Si, lorsque les paragenèses plombifères et cuprifères sont superposées, la presque totalité de la paragenèse plombifère (beudantite, philipsbornite, mimétite) est antérieure, c'est que ses conditions de pH de formation sont plus acides que celles donnant naissance à la majorité des composés secondaires cuprifères. L'apparition de l'olivénite avant la bayldonite montre bien que celle-ci préexistait dans le niveau cuprifère avant le télescopage avec des solutions enrichies en Pb. Selon le diagramme de stabilité de MAGALHAES et al. (1988) (cf. fig. 45), le passage de l'olivénite à la bayldonite peut se faire, pour un même pH (≈ 5-6), uniquement par la baisse de l'activité en cuivre corrélée à l'augmentation de l'activité en Pb.
4.2.11. Arthurite
Identifié par PERROUD (1987), ce minéral n'a été rencontré à notre connaissance que dans des échantillons de grès fins provenant du pilier 42 en mine Nord. Il s'y rencontre uniquement dans le contexte intergranulaire d'un niveau de grès de couleur verdâtre situé à la base du pilier.
PARAGENÈSE
L'arthurite est une phase rare à Cap Garonne ; nous n'en avons observé que quelques échantillons. Elle y est associée à un nombre réduit d'espèces qui sont l'olivénite, la Ba-pharmacosidérite, la perroudite et la capgaronnite. Seules la Ba-pharmacosidérite et la capgaronnite ont été repérées en association directe selon la succession :
Ba-pharmacosidérite → arthurite → capgaronnite
Du fait de l'antériorité de l'olivénite par rapport à la capgaronnite (cf. § 4.2.3), il semble qu'arthurite et olivénite soient plus ou moins contemporaines ; l'apparition de l'arthurite serait fonction de la présence de Ba-pharmacosidérite, que nous n'avons jamais observée dans ce contexte associé à l'olivénite.
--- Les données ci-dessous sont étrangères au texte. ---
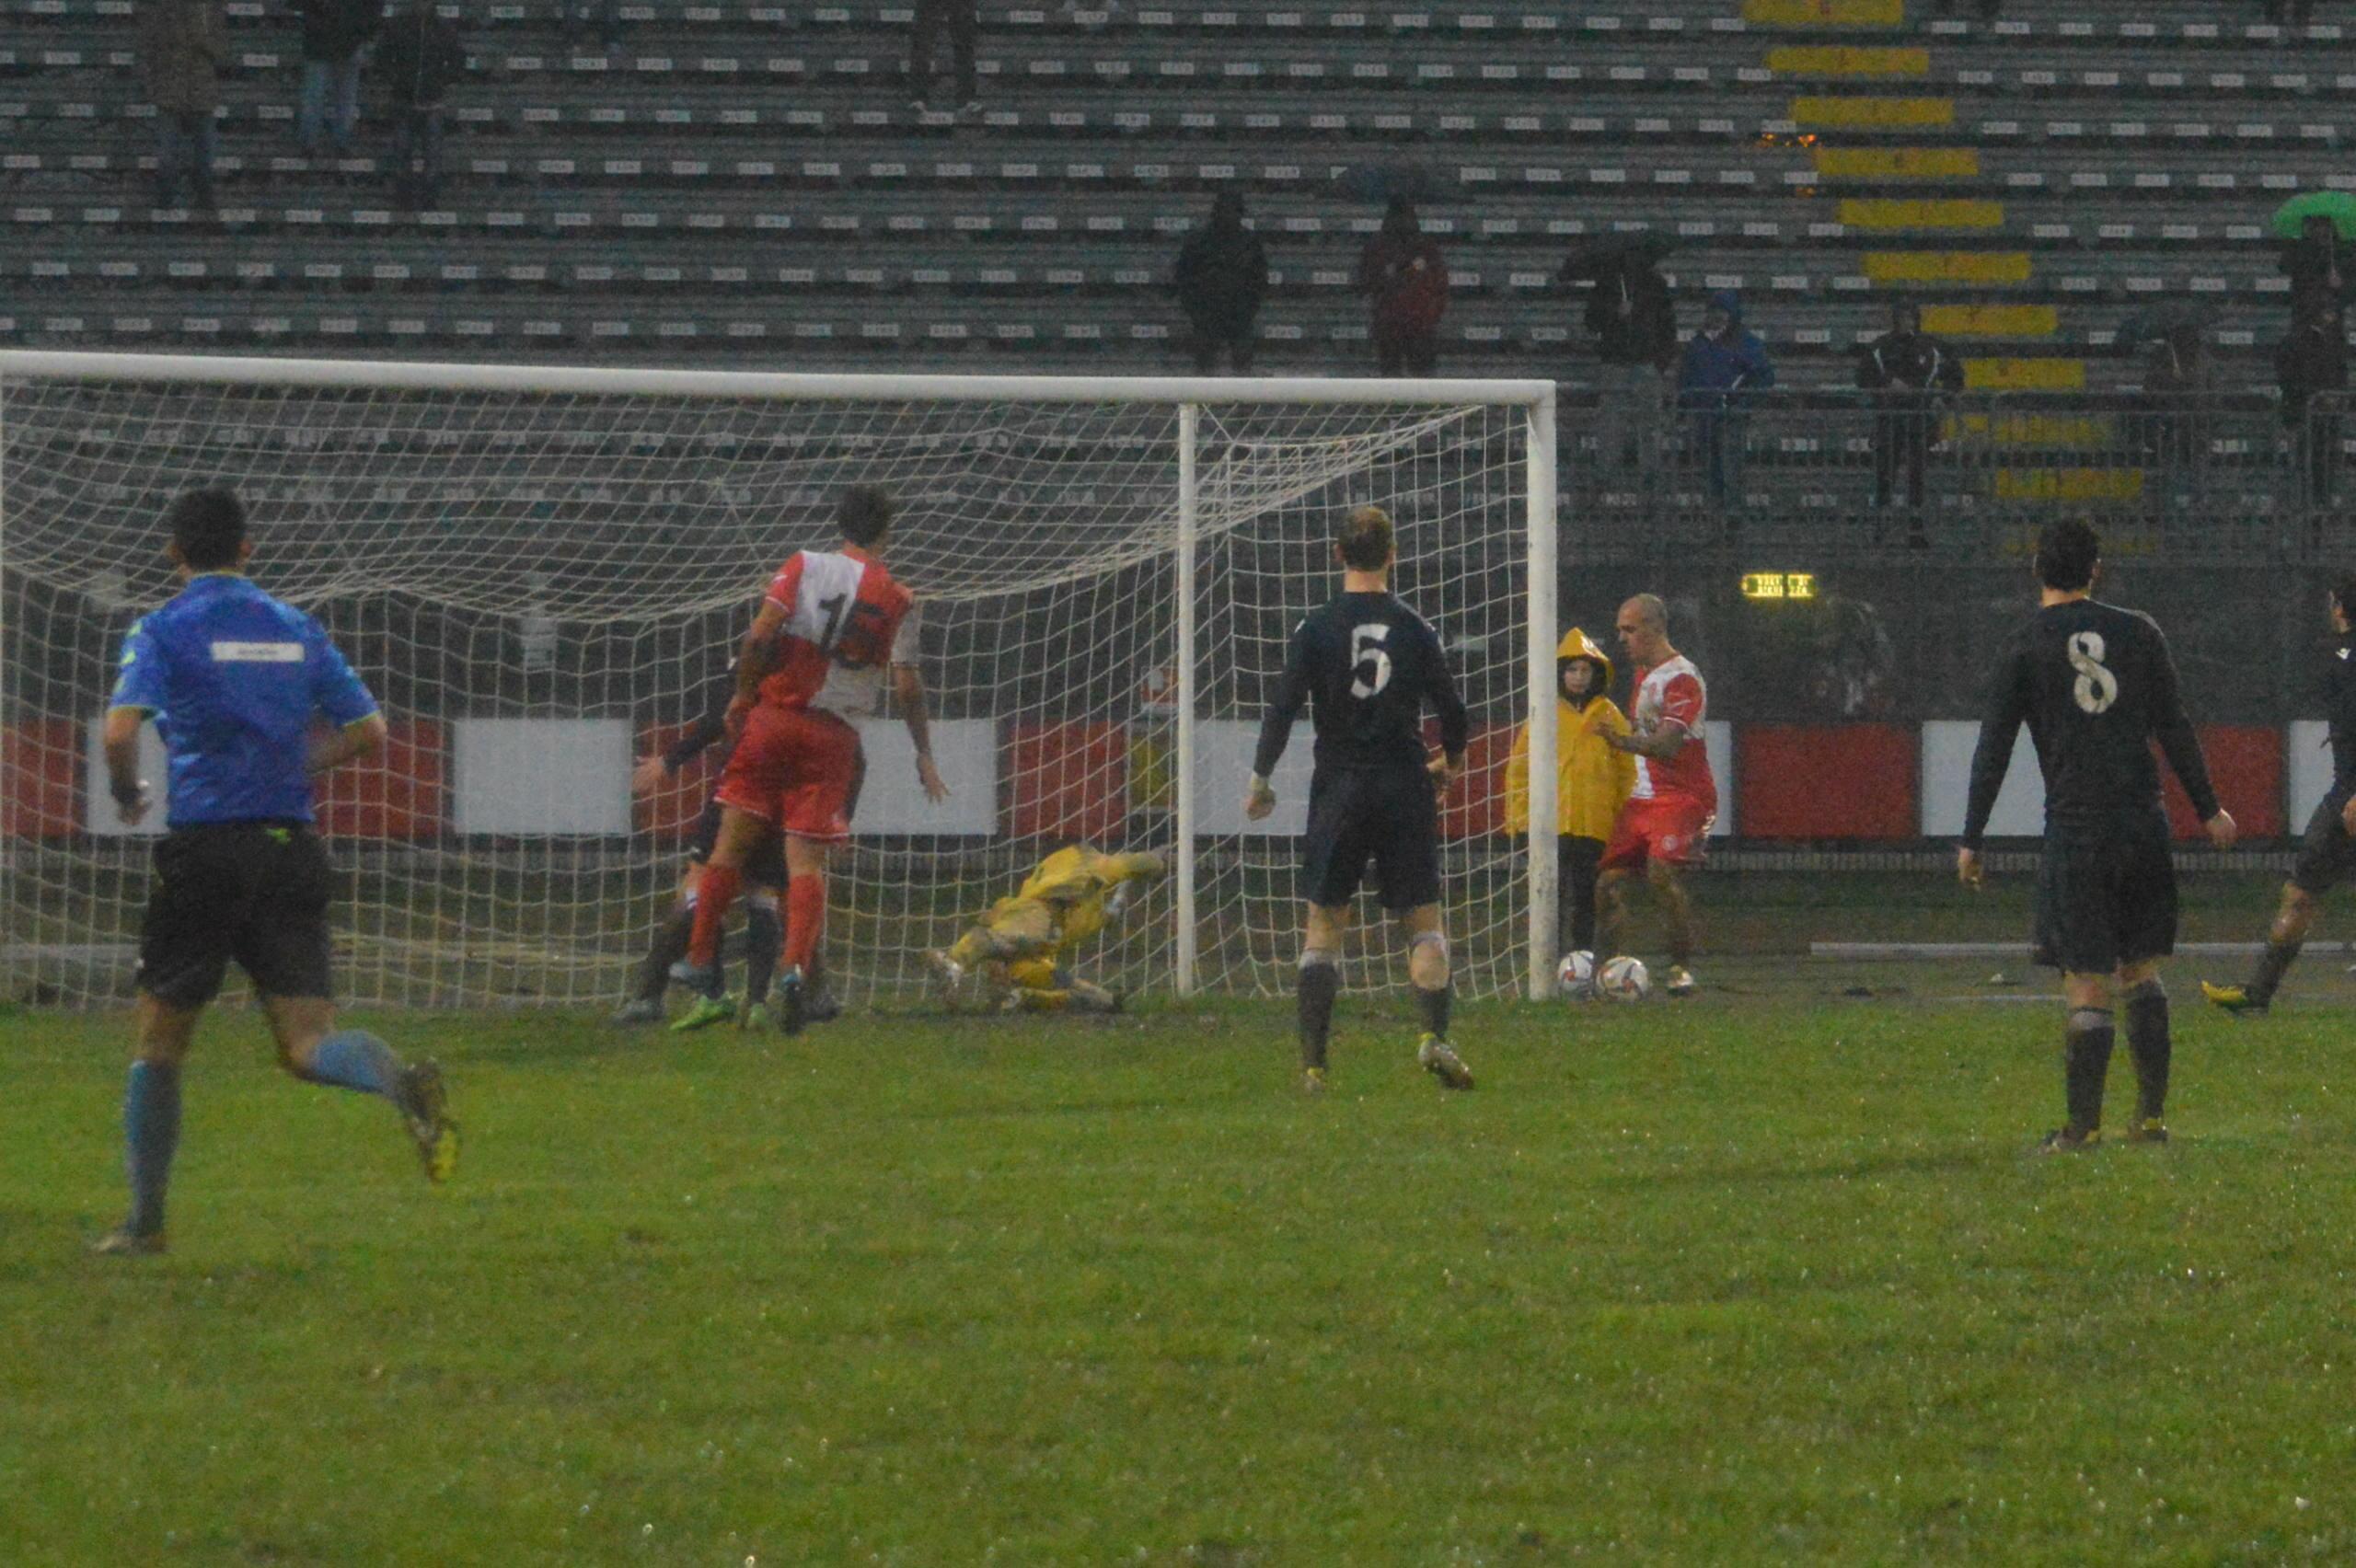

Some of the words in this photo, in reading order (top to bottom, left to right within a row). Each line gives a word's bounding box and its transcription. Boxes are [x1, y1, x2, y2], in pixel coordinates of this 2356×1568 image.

[818, 593, 884, 671] 15
[1350, 623, 1392, 699] 5
[2068, 631, 2118, 713] 8
Quant aux conditions de pH de formation de l'arthurite, nous pensons qu'elles sont légèrement acides à acides, ce qui est en accord avec les observations de JENSEN (1985) à Majuba Hill (Nevada), où une arthurite de néoformation surmonte de la chalcanthite. Notre estimation de pH de formation de l'arthurite à Cap Garonne est basée sur la contemporanéité de l'arthurite avec l'olivénite, qui se forme généralement entre pH 3 et 6 (WALENTA et al., 1985), et l'association directe avec la Ba-pharmacosidérite dont la position paragénétique en début d'altération indique des pH acides. L'apparition de l'arthurite après la Ba-pharmacosidérite pourrait correspondre à l'augmentation de l'activité en cuivre des solutions, du fer étant encore présent (peut-être en partie remobilisé de la Ba-pharmacosidérite) ; le dépôt de l'olivénite marquerait l'appauvrissement des solutions en fer. Il n'est pas exclu aussi que les solutions riches en halogènes, qui aboutiront à la précipitation des sulfures - halogénures perroudite et capgaronnite, jouent un rôle dans l'apparition localisée de l'arthurite.